Depois de passar pelo sufoco com o sogro e com a própria crise de pânico no PS, Luísa decidiu montar um kit de emergência. Não era para automedicação, mas para os momentos em que precisasse ir ao hospital.
A bolsa ficava no carro e continha:
— Documentos: cópia do RG, CPF, carteirinha do plano, cartão de emergência com histórico médico.
— Carregador de celular portátil (power bank) — essencial, porque a bateria acaba justamente na hora que mais precisa.
— Garrafinha de água e uma fruta ou barra de cereal — para quem está acompanhando, que pode ficar horas sem comer.
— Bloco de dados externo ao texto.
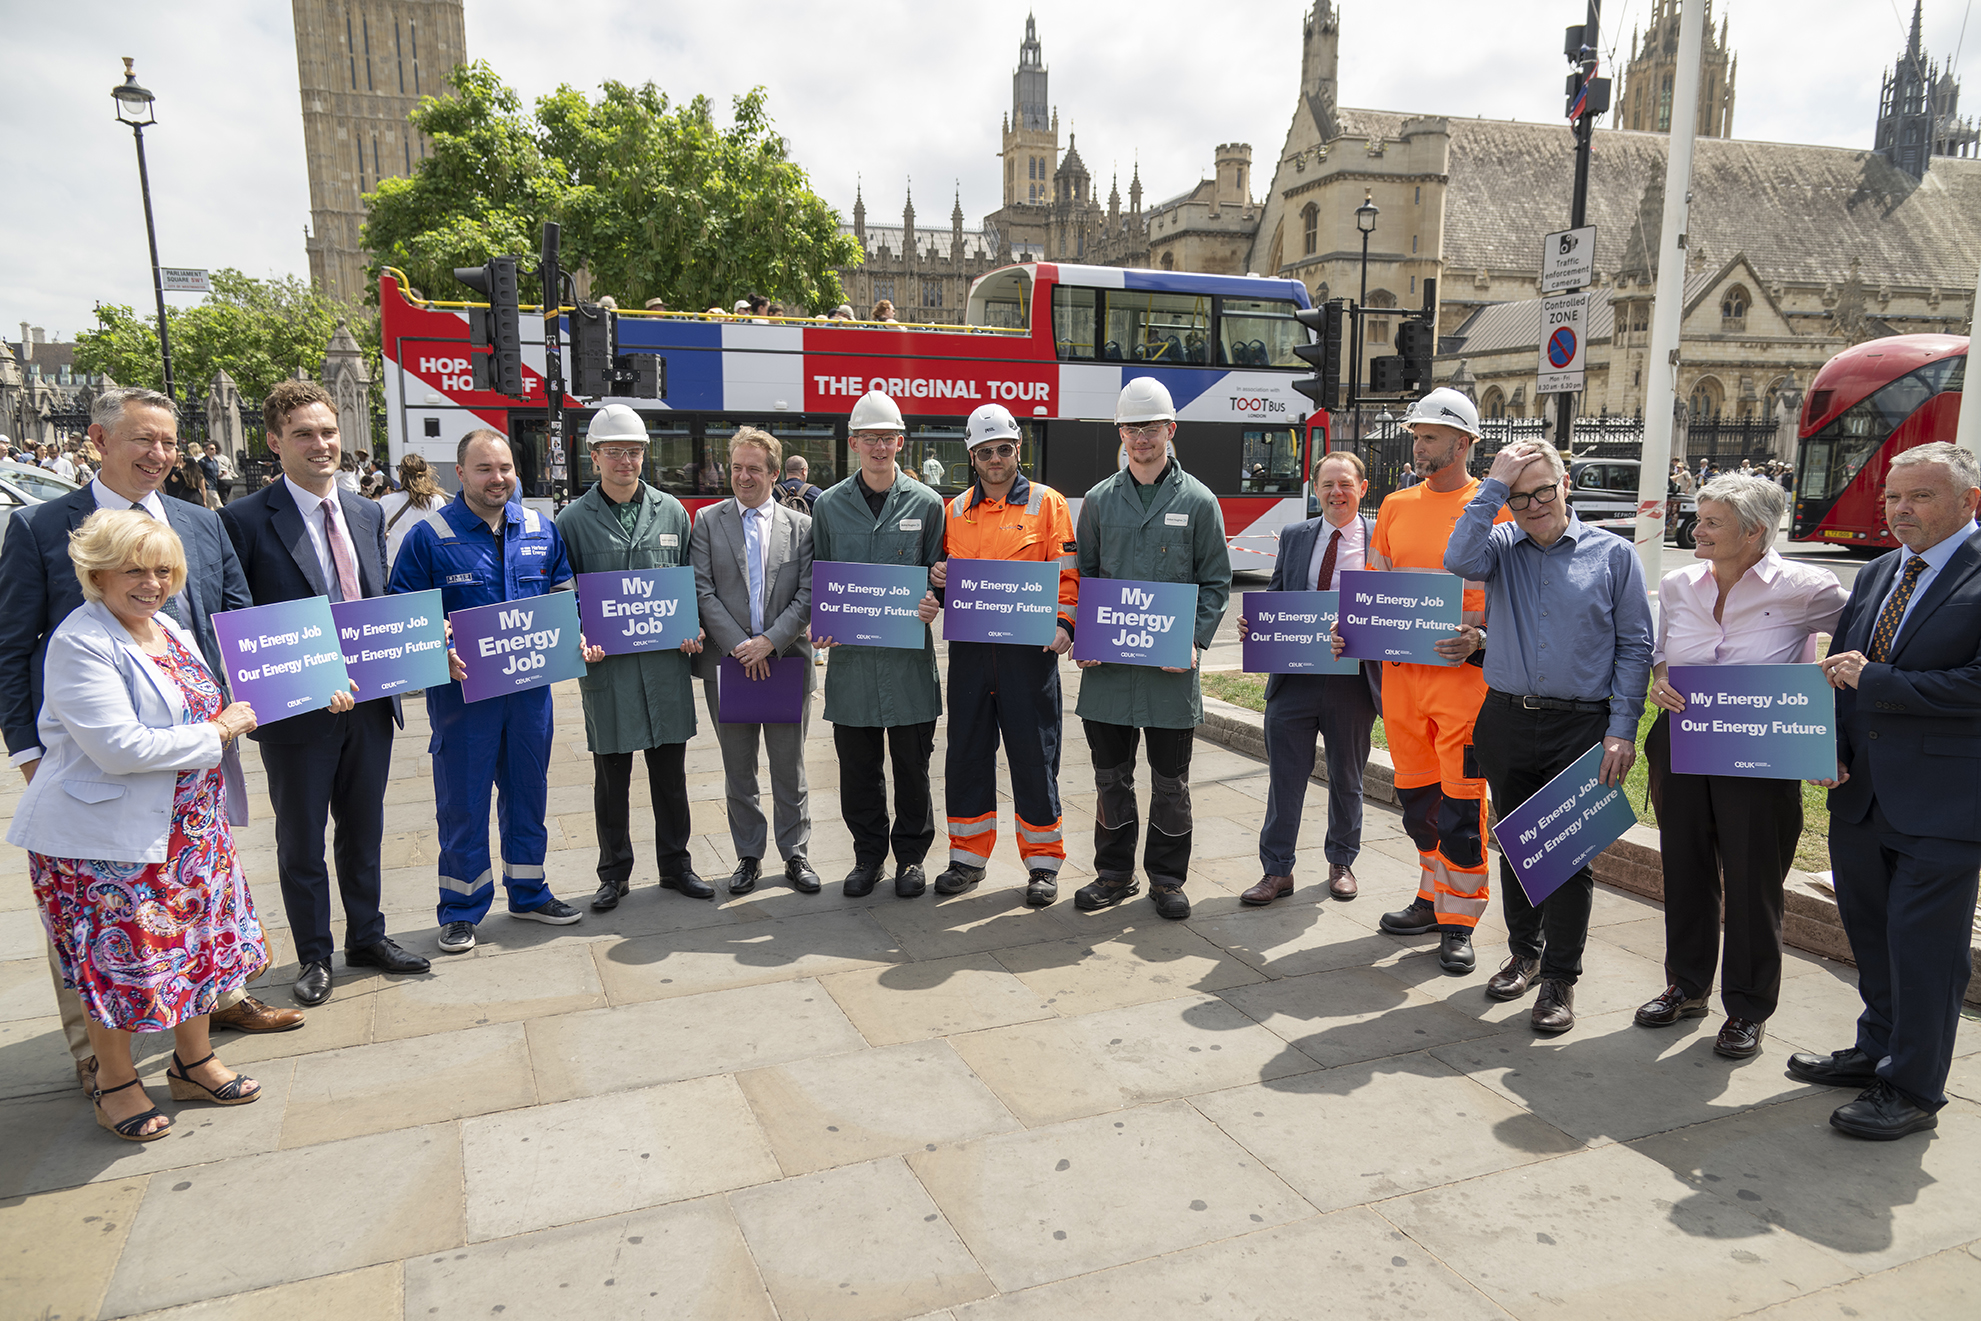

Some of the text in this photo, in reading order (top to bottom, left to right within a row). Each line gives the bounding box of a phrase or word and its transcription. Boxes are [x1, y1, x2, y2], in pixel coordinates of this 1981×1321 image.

[1556, 257, 1579, 268] Traffic
[1545, 266, 1589, 280] enforcement
[1552, 278, 1581, 288] cameras
[1544, 297, 1585, 311] Controlled
[1550, 310, 1578, 324] ZONE
[814, 376, 1050, 400] THE ORIGINAL TOUR
[622, 577, 654, 598] My
[828, 582, 910, 597] My Energy Job
[961, 579, 1042, 594] My Energy Job
[1121, 587, 1154, 608] My
[1356, 593, 1444, 608] My Energy Job
[602, 599, 678, 618] Energy
[820, 602, 919, 618] Our Energy Future
[952, 600, 1052, 614] Our Energy Future
[499, 609, 534, 630] My
[1096, 606, 1175, 632] Energy
[1259, 612, 1276, 623] My
[1278, 612, 1317, 624] Energy
[1347, 615, 1455, 630] Our Energy Future
[342, 616, 428, 641] My Energy Job
[622, 619, 663, 636] Job
[238, 625, 322, 654] My Energy Job
[478, 627, 560, 657] Energy
[1112, 629, 1154, 649] Job
[1251, 633, 1271, 642] Our
[1273, 633, 1313, 644] Energy
[362, 645, 402, 661] Energy
[405, 638, 442, 654] Future
[238, 651, 338, 683] Our Energy Future
[502, 651, 546, 675] Job
[1690, 693, 1809, 708] My Energy Job
[1681, 719, 1827, 736] Our Energy Future
[1519, 776, 1598, 845] My Energy Job
[1522, 788, 1618, 870] Our Energy Future
— Lista de contatos de emergência impressa (caso o celular descarregue).
— Roupas leves: uma blusa e um shorts para ficar mais confortável na espera.
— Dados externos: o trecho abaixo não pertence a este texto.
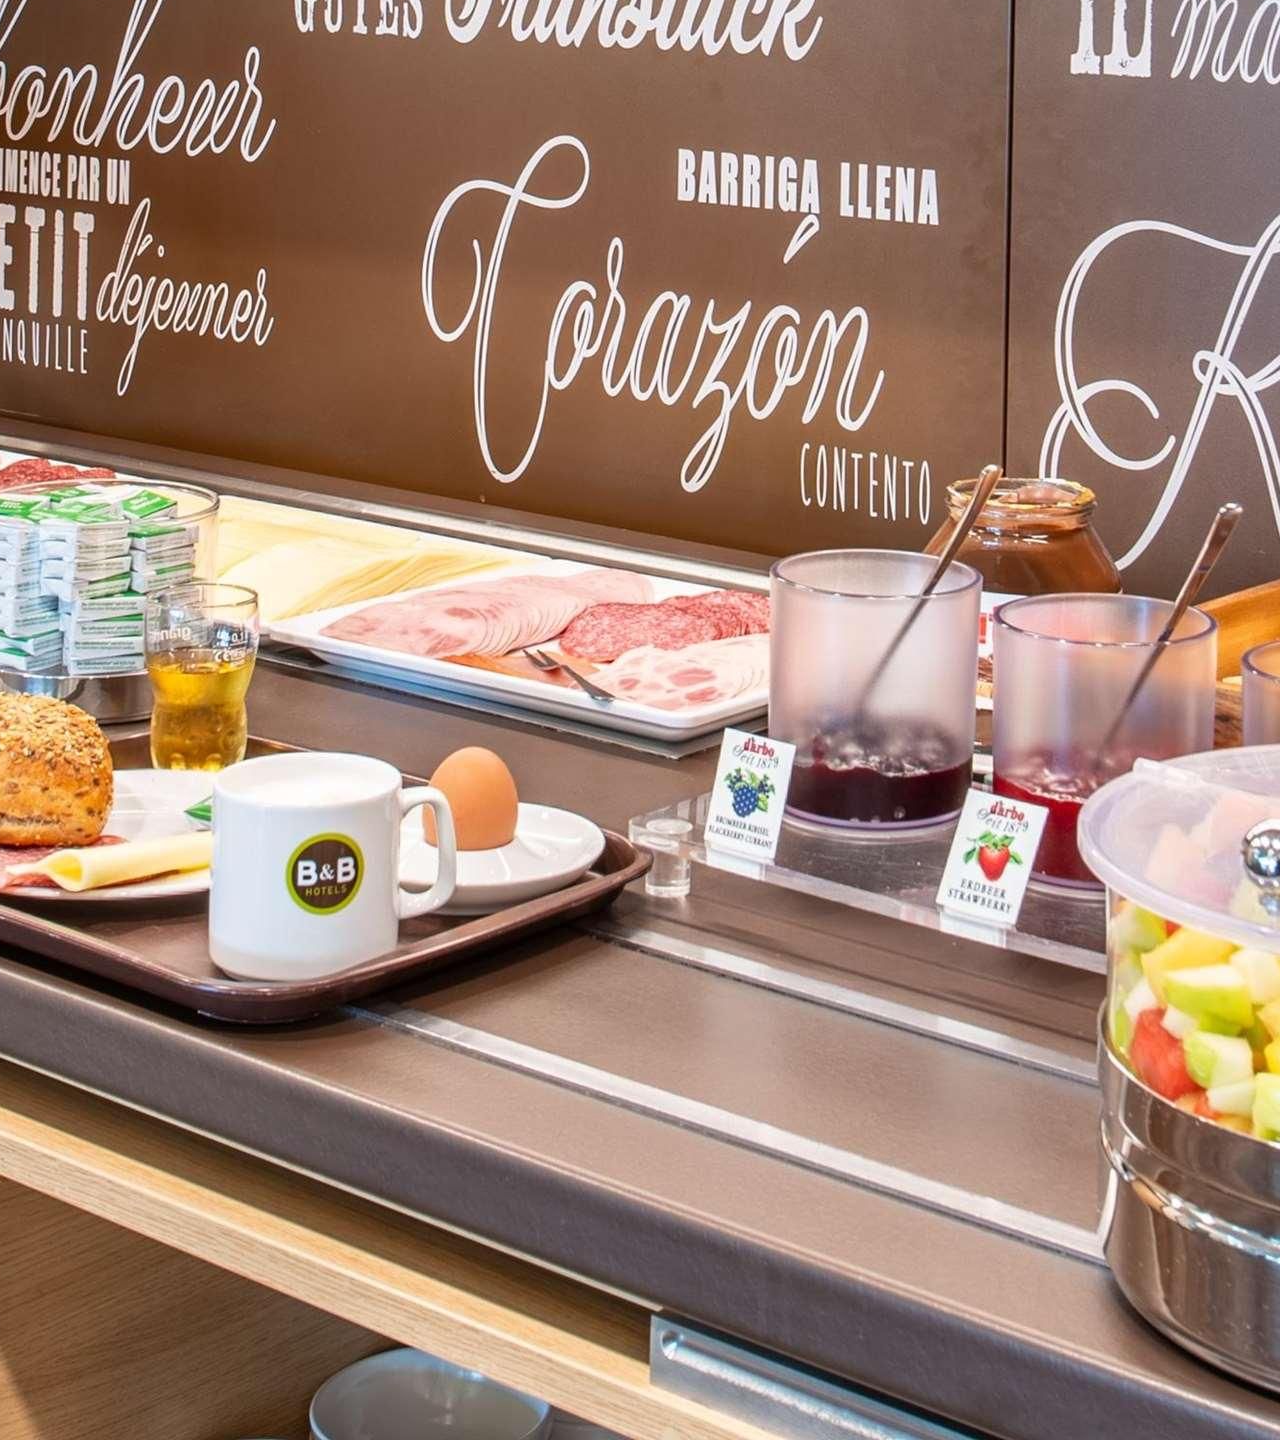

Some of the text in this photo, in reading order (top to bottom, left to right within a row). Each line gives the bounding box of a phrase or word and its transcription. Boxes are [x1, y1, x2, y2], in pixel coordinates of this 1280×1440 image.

[66, 153, 101, 203] PAR
[106, 157, 131, 206] UN
[676, 146, 941, 227] BARRIGA LLENA
[95, 198, 275, 397] déjeuner
[421, 134, 886, 493] Corazón
[799, 441, 933, 526] CONTENTO
[732, 743, 756, 768] Seit
[976, 807, 1001, 830] Seit
[296, 855, 357, 887] B&B
[305, 885, 348, 897] HOTELS
[946, 887, 1012, 914] STRAWBERRY
[960, 878, 1007, 899] ERDBEER
— Remédios de uso contínuo: uma dose extra dos medicamentos que não podem ser interrompidos.
— Caneta e papel: útil para anotar orientações médicas.
Quando Beto precisou ir ao PS com suspeita de alergia, Luísa pegou a bolsa e saiu. No hospital, ela foi a única acompanhante que tinha carregador, água e uma maçã. Passou cinco horas na espera sem desespero.
— Kit de emergência não é exagero. É inteligência — ela disse.